[Start of Attachment]
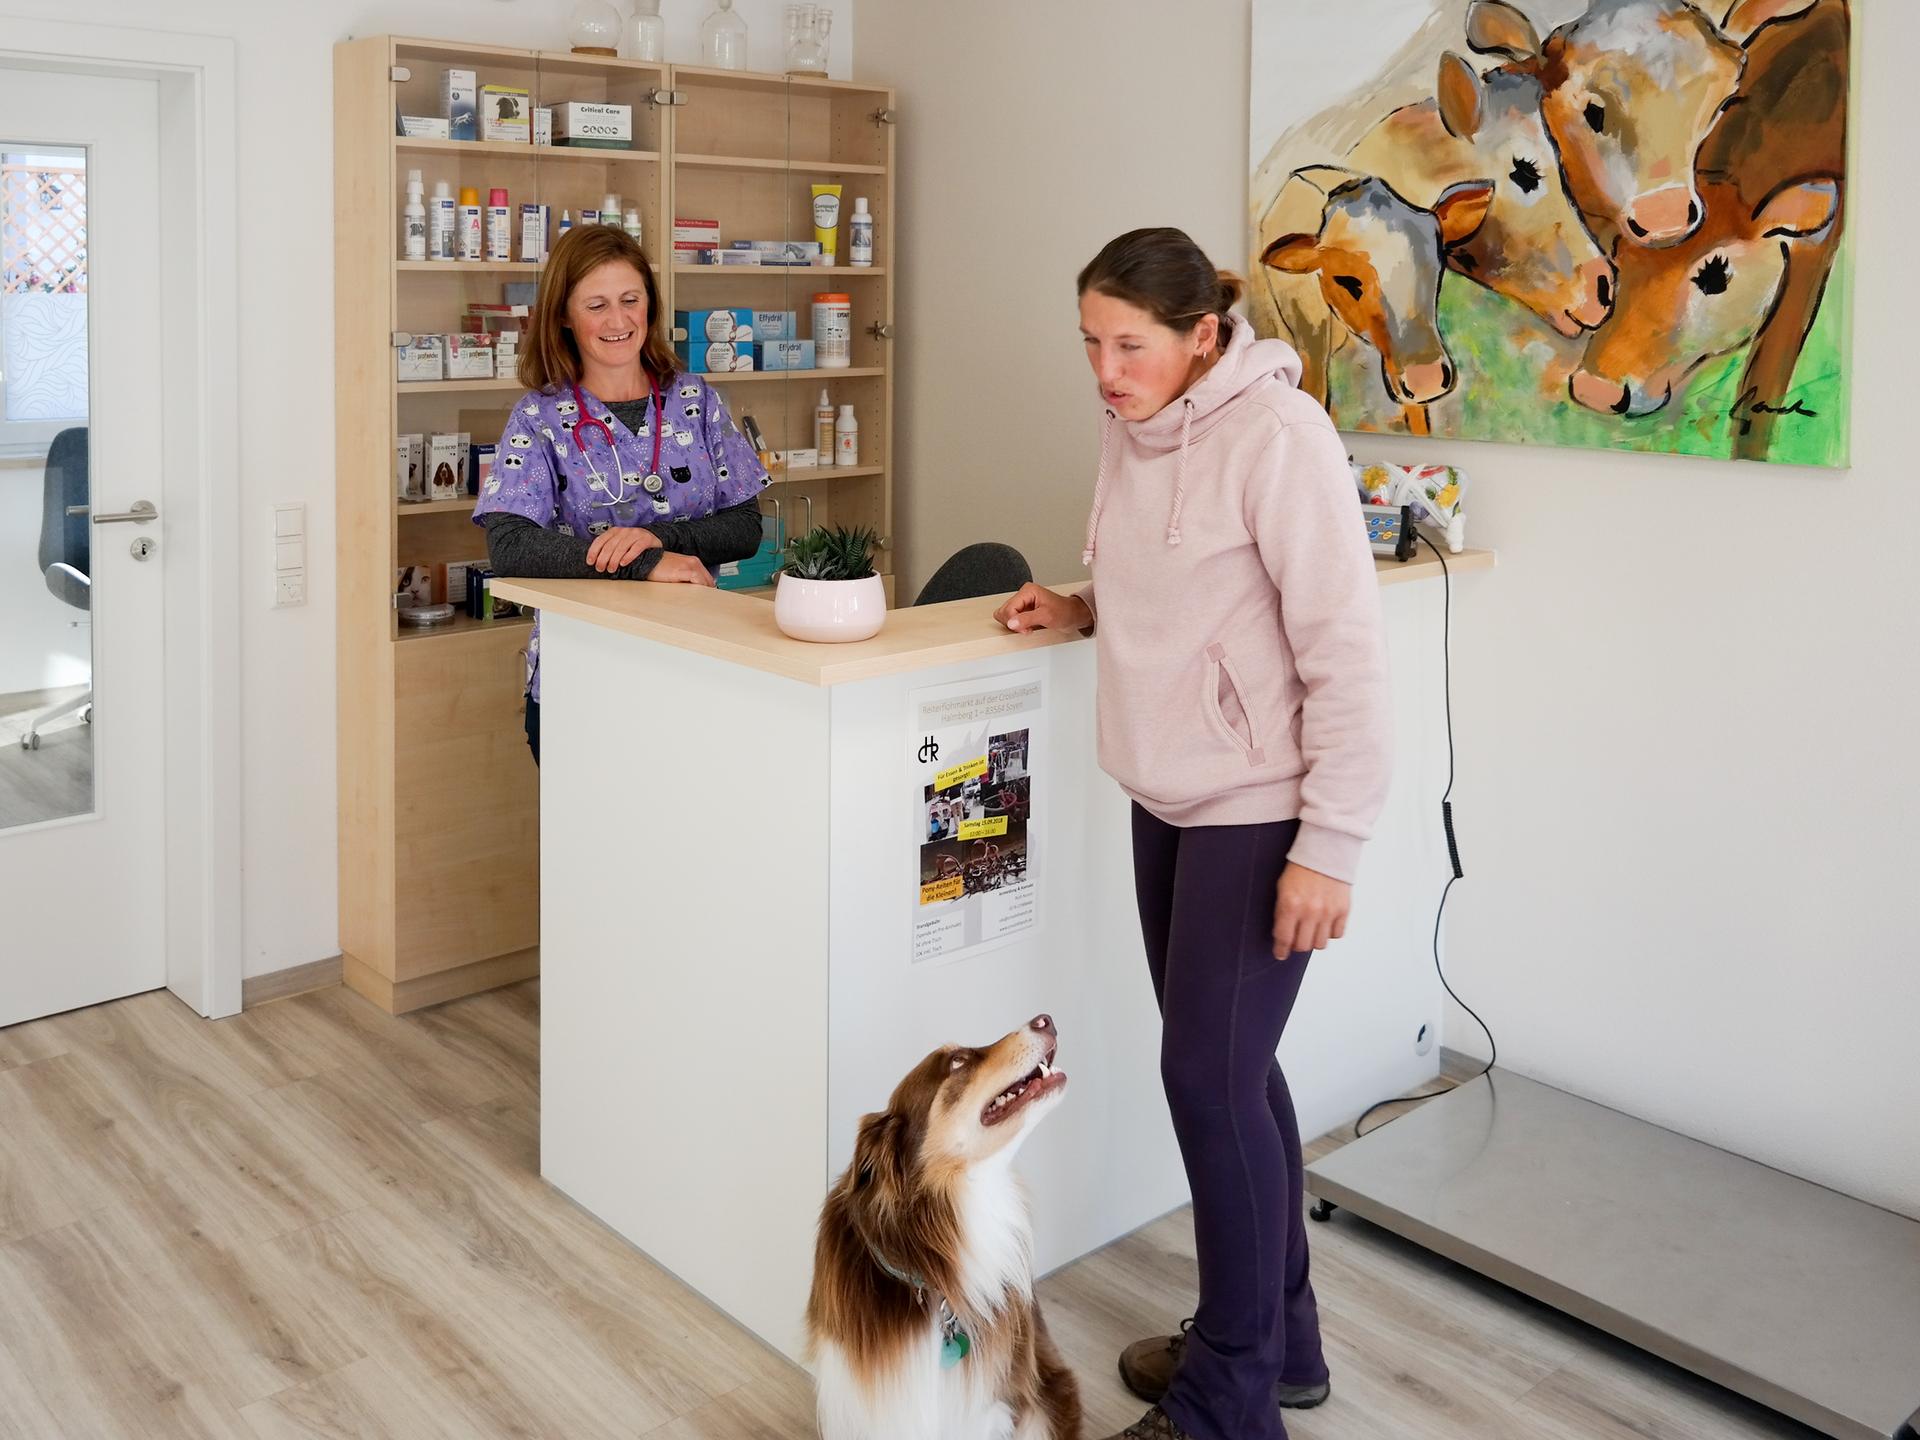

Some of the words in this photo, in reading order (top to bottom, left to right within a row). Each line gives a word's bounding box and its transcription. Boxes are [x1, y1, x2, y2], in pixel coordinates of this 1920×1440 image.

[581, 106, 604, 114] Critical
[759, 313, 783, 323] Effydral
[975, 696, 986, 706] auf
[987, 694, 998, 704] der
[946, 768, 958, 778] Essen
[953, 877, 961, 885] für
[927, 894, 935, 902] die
[End of Attachment]
## PROBLEM TO SOLVE
What's needed is every line above, retyped exactly and free of pictures.

## ANSWER BELOW
Some of the words in this photo, in reading order (top to bottom, left to right within a row). Each line gives a word's bounding box and its transcription. Boxes are [x1, y1, x2, y2], in pixel coordinates of this 1920×1440 image.

[581, 106, 604, 114] Critical
[759, 313, 783, 323] Effydral
[975, 696, 986, 706] auf
[987, 694, 998, 704] der
[946, 768, 958, 778] Essen
[953, 877, 961, 885] für
[927, 894, 935, 902] die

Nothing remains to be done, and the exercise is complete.